──────── Information provided ────────
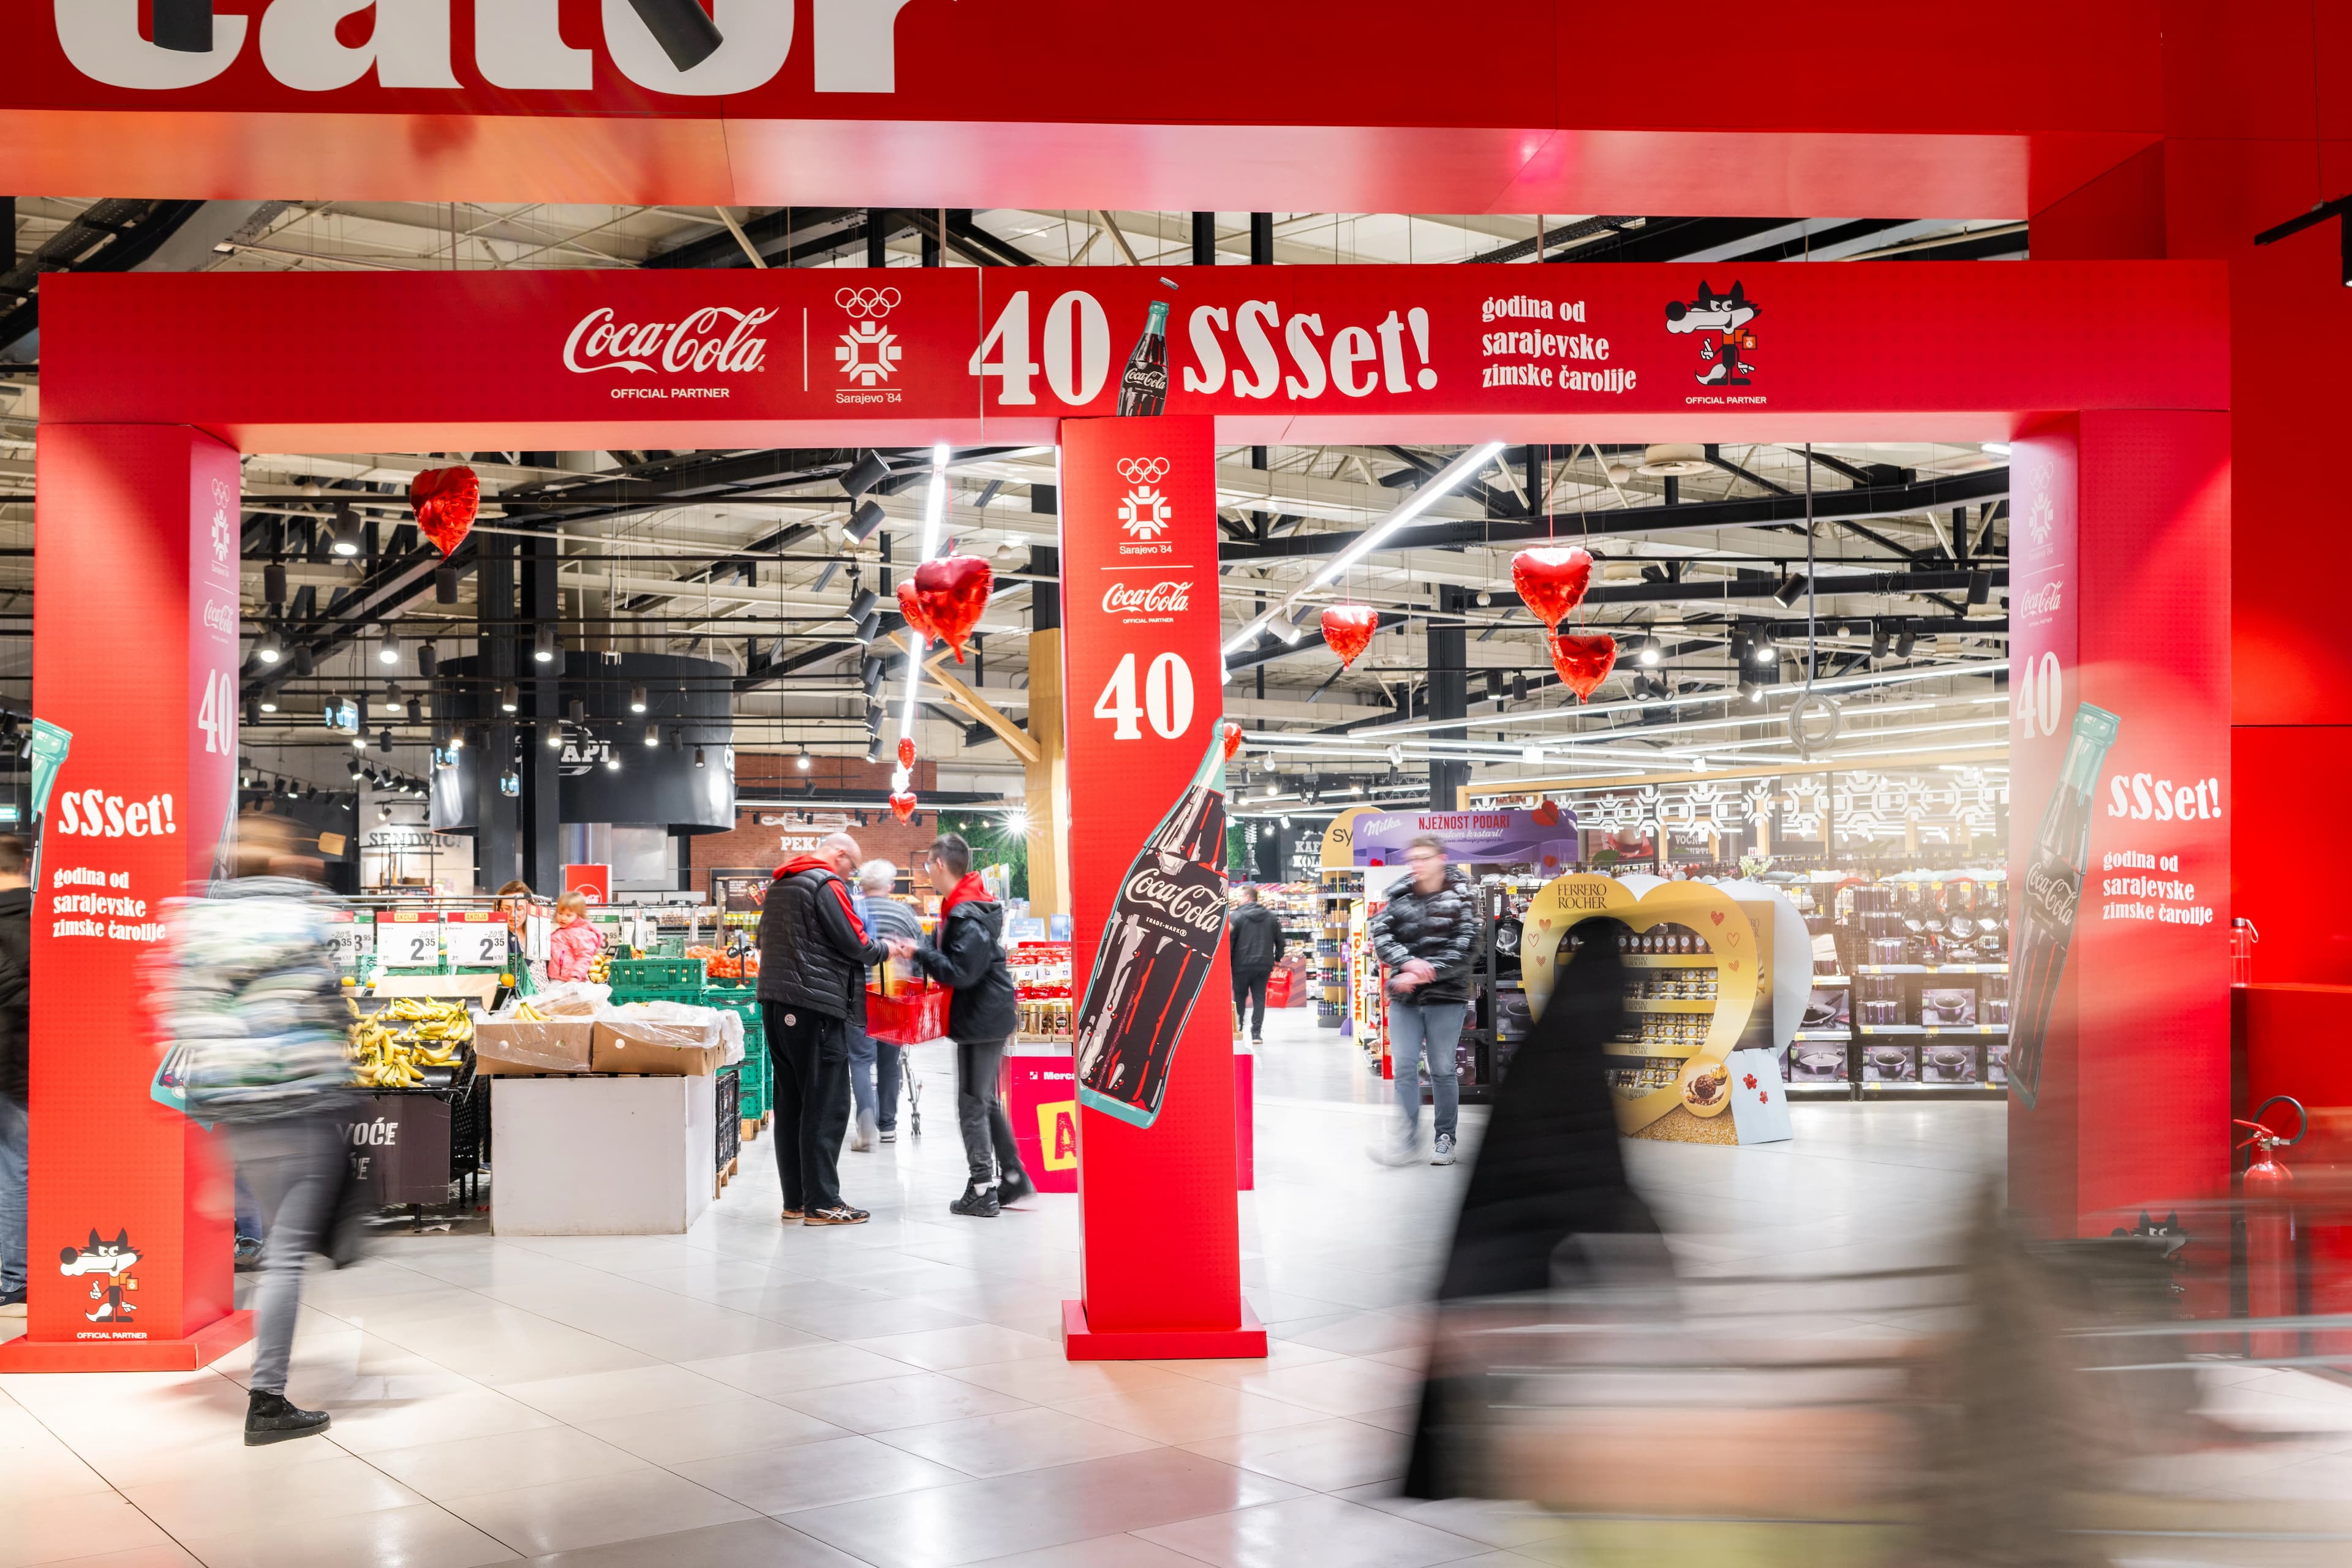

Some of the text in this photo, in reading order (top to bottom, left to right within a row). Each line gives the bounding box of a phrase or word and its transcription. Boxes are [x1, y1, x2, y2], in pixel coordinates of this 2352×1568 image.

[1482, 295, 1586, 323] godina od
[969, 290, 1110, 405] 40
[1482, 329, 1610, 360] sarajevske
[1125, 368, 1167, 390] Coca-Cola
[1482, 364, 1637, 394] zimske čarolije
[611, 388, 729, 398] OFFICIAL PARTNER
[836, 393, 883, 404] Sarajevo
[1119, 545, 1158, 556] Sarajevo
[1102, 581, 1194, 613] Coca-Cola
[1094, 652, 1194, 740] 40
[2017, 651, 2062, 739] 40
[197, 669, 233, 756] 40
[1363, 816, 1403, 837] Milka
[1419, 815, 1510, 830] NJEŽNOST PODARI
[2103, 851, 2179, 872] godina od
[53, 867, 129, 889] godina od
[1558, 883, 1607, 896] FERRERO
[2103, 876, 2195, 900] sarajevske
[53, 893, 146, 917] sarajevske
[1125, 868, 1228, 933] Coca-Cola
[1558, 897, 1607, 909] ROCHER
[2026, 862, 2078, 925] Coca-Cola
[2103, 902, 2214, 926] zimske čarolije
[53, 919, 166, 943] zimske čarolije
[410, 938, 424, 961] 2
[424, 938, 435, 946] 35
[480, 938, 494, 961] 2
[494, 938, 505, 946] 35
[1353, 929, 1363, 1022] TOLERONE
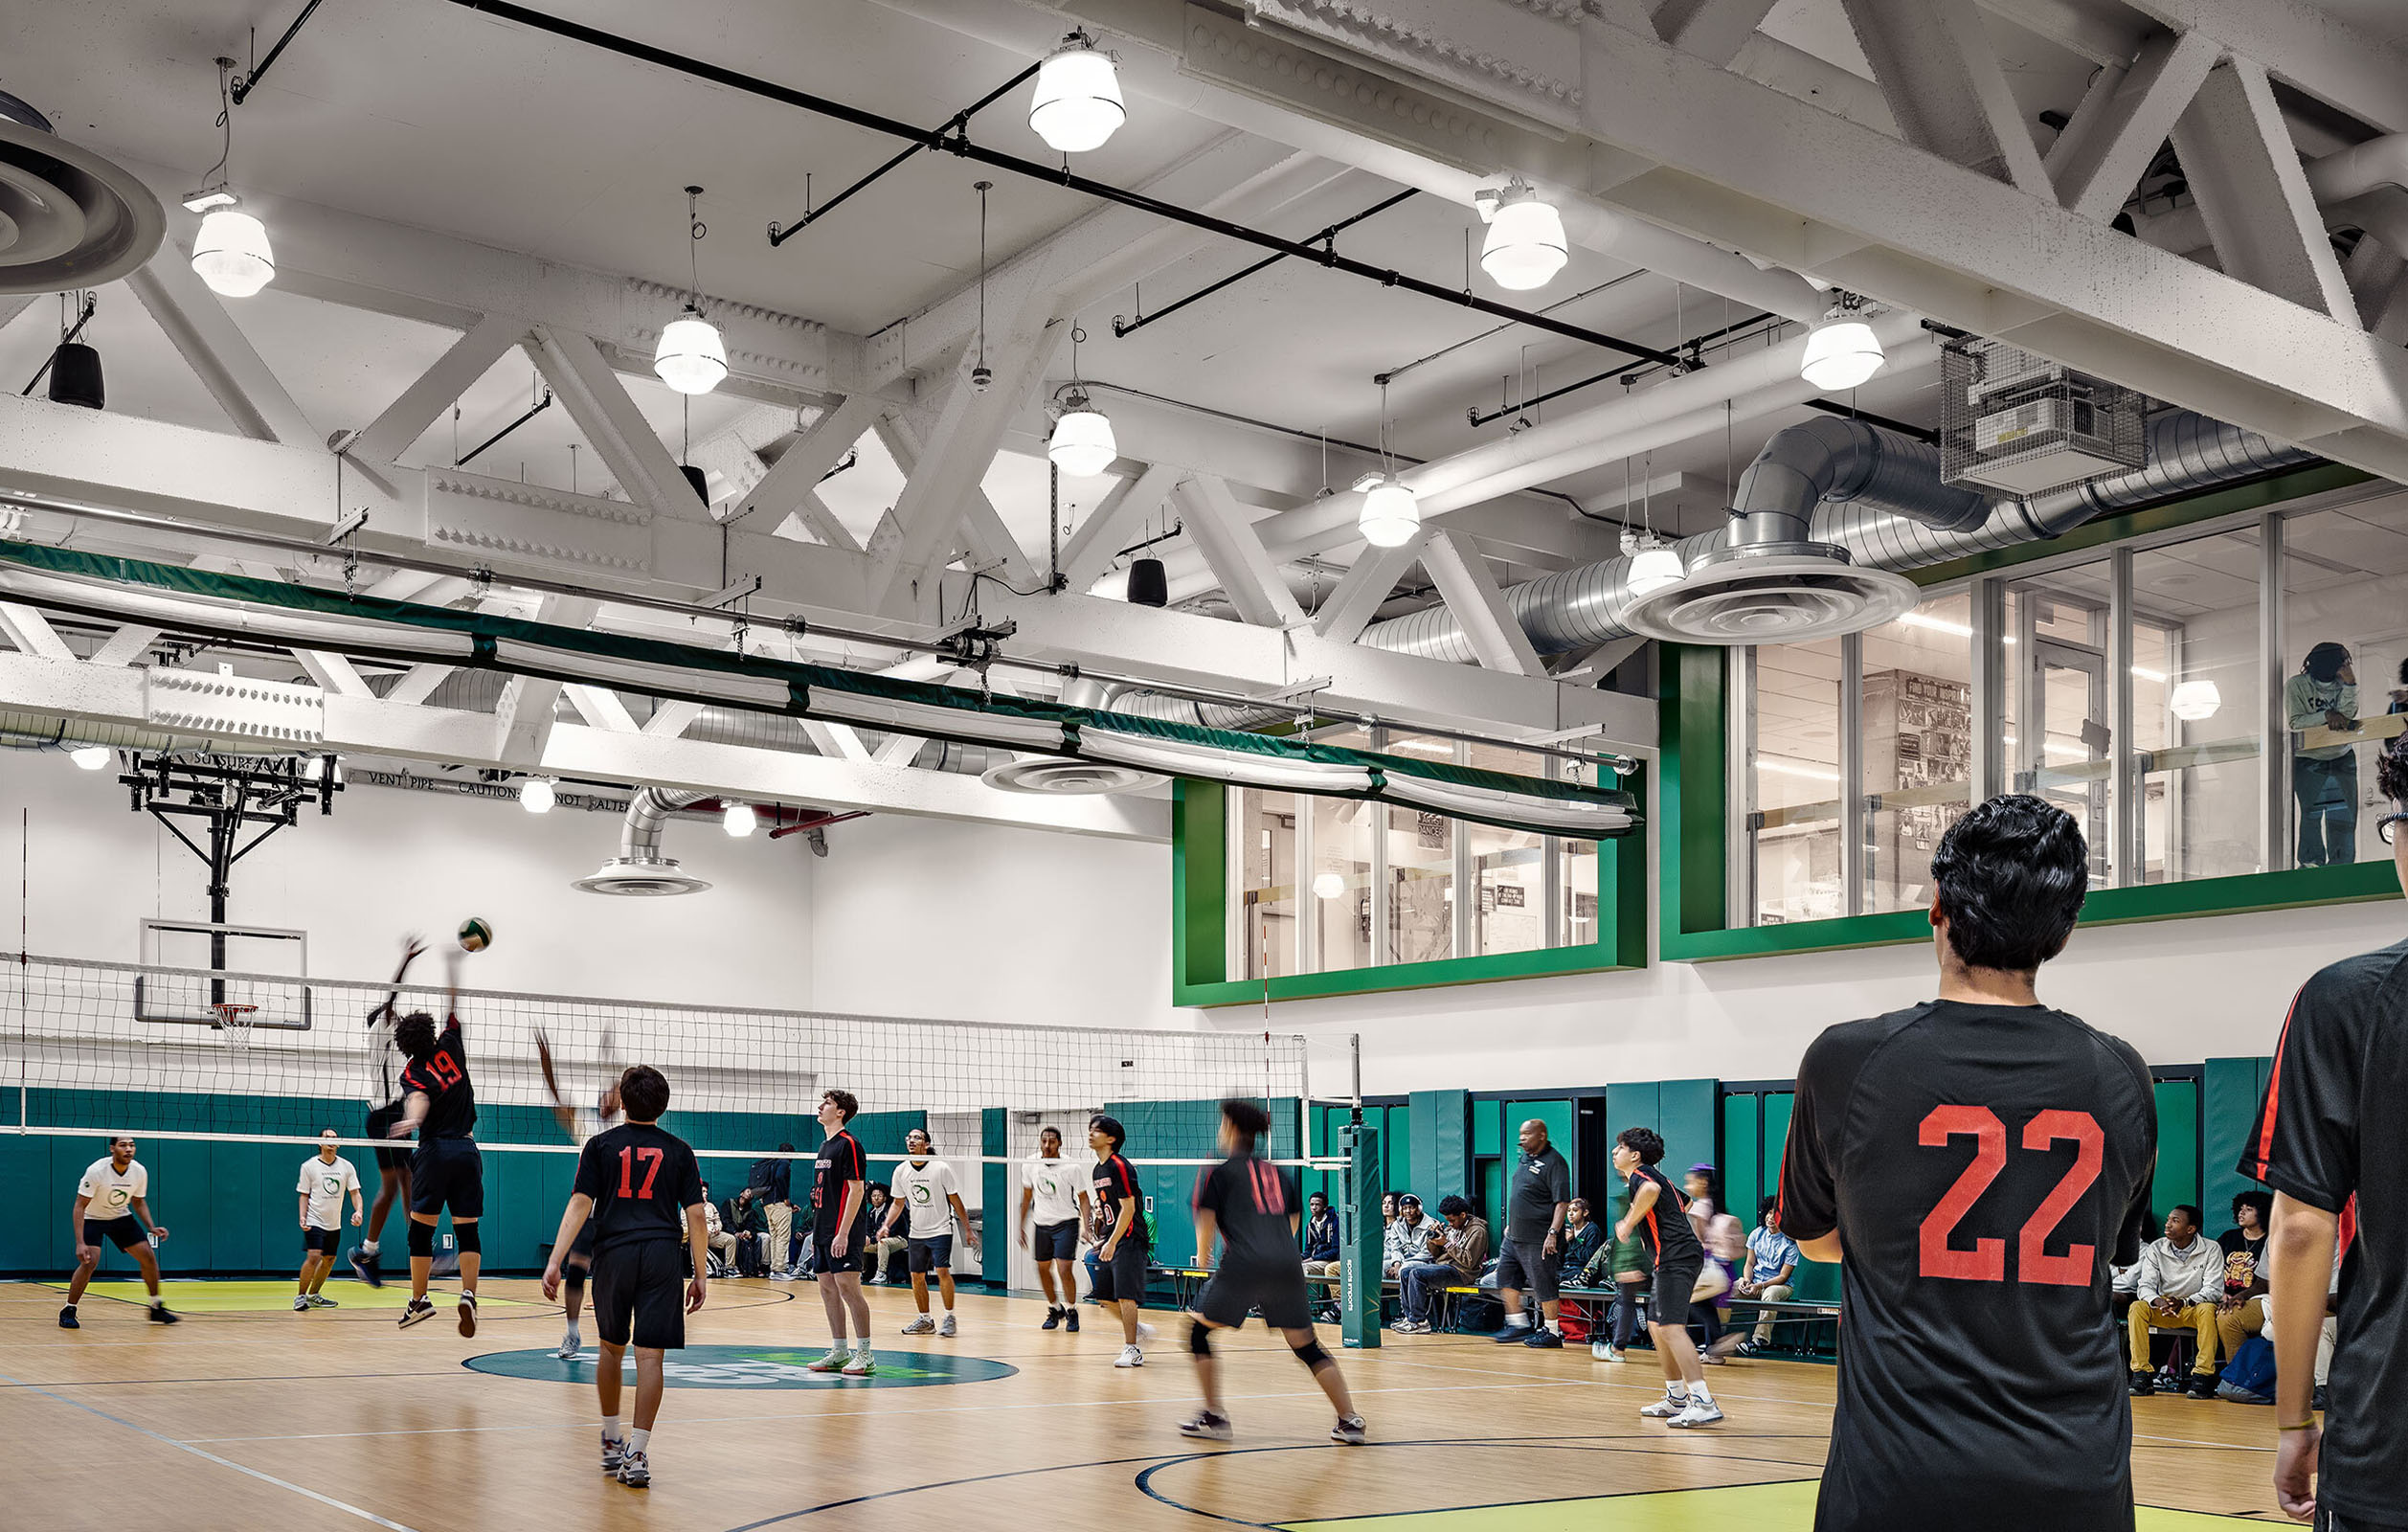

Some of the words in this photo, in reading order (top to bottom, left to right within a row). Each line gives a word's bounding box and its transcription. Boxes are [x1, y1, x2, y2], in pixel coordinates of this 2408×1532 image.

[368, 770, 403, 786] VENT
[459, 781, 520, 800] CAUTION:
[554, 794, 581, 806] NOT
[425, 1049, 461, 1092] 19
[618, 1145, 664, 1200] 17
[1918, 1104, 2104, 1287] 22
────────
Please set down exactly the lines running from the one with "Some of the words" to the last line of the entries above, both of them included, and no others.

Some of the words in this photo, in reading order (top to bottom, left to right within a row). Each line gives a word's bounding box and its transcription. Boxes are [x1, y1, x2, y2], in pixel coordinates of this 2408×1532 image.

[368, 770, 403, 786] VENT
[459, 781, 520, 800] CAUTION:
[554, 794, 581, 806] NOT
[425, 1049, 461, 1092] 19
[618, 1145, 664, 1200] 17
[1918, 1104, 2104, 1287] 22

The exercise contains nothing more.